**TASK DIRECTIONS**
Reproduce every record exactly as written.

-- EXCERPTED RECORDS follows --

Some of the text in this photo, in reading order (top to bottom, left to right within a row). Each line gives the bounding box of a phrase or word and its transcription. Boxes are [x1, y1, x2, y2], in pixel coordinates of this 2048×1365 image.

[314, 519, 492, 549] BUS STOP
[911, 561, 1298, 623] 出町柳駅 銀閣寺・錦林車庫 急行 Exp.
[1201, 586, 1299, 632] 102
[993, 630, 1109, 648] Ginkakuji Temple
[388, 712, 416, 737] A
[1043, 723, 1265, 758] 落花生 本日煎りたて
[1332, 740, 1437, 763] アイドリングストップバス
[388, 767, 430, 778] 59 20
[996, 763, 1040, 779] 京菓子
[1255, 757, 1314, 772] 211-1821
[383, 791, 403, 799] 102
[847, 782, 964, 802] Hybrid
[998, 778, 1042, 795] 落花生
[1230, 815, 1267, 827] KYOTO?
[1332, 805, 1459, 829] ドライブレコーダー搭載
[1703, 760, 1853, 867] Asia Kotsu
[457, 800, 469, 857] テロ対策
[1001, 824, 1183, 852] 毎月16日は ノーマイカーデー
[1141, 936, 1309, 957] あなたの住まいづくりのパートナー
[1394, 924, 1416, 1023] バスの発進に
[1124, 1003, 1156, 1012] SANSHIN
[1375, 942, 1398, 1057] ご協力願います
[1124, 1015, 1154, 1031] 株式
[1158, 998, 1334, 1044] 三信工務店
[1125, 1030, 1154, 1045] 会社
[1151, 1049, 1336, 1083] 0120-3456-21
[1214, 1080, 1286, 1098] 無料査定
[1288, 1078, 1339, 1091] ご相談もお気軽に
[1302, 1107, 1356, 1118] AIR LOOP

-- EXCERPTED RECORDS concluded --

**THE ANSWER**
Some of the text in this photo, in reading order (top to bottom, left to right within a row). Each line gives the bounding box of a phrase or word and its transcription. Boxes are [x1, y1, x2, y2], in pixel coordinates of this 2048×1365 image.

[314, 519, 492, 549] BUS STOP
[911, 561, 1298, 623] 出町柳駅 銀閣寺・錦林車庫 急行 Exp.
[1201, 586, 1299, 632] 102
[993, 630, 1109, 648] Ginkakuji Temple
[388, 712, 416, 737] A
[1043, 723, 1265, 758] 落花生 本日煎りたて
[1332, 740, 1437, 763] アイドリングストップバス
[388, 767, 430, 778] 59 20
[996, 763, 1040, 779] 京菓子
[1255, 757, 1314, 772] 211-1821
[383, 791, 403, 799] 102
[847, 782, 964, 802] Hybrid
[998, 778, 1042, 795] 落花生
[1230, 815, 1267, 827] KYOTO?
[1332, 805, 1459, 829] ドライブレコーダー搭載
[1703, 760, 1853, 867] Asia Kotsu
[457, 800, 469, 857] テロ対策
[1001, 824, 1183, 852] 毎月16日は ノーマイカーデー
[1141, 936, 1309, 957] あなたの住まいづくりのパートナー
[1394, 924, 1416, 1023] バスの発進に
[1124, 1003, 1156, 1012] SANSHIN
[1375, 942, 1398, 1057] ご協力願います
[1124, 1015, 1154, 1031] 株式
[1158, 998, 1334, 1044] 三信工務店
[1125, 1030, 1154, 1045] 会社
[1151, 1049, 1336, 1083] 0120-3456-21
[1214, 1080, 1286, 1098] 無料査定
[1288, 1078, 1339, 1091] ご相談もお気軽に
[1302, 1107, 1356, 1118] AIR LOOP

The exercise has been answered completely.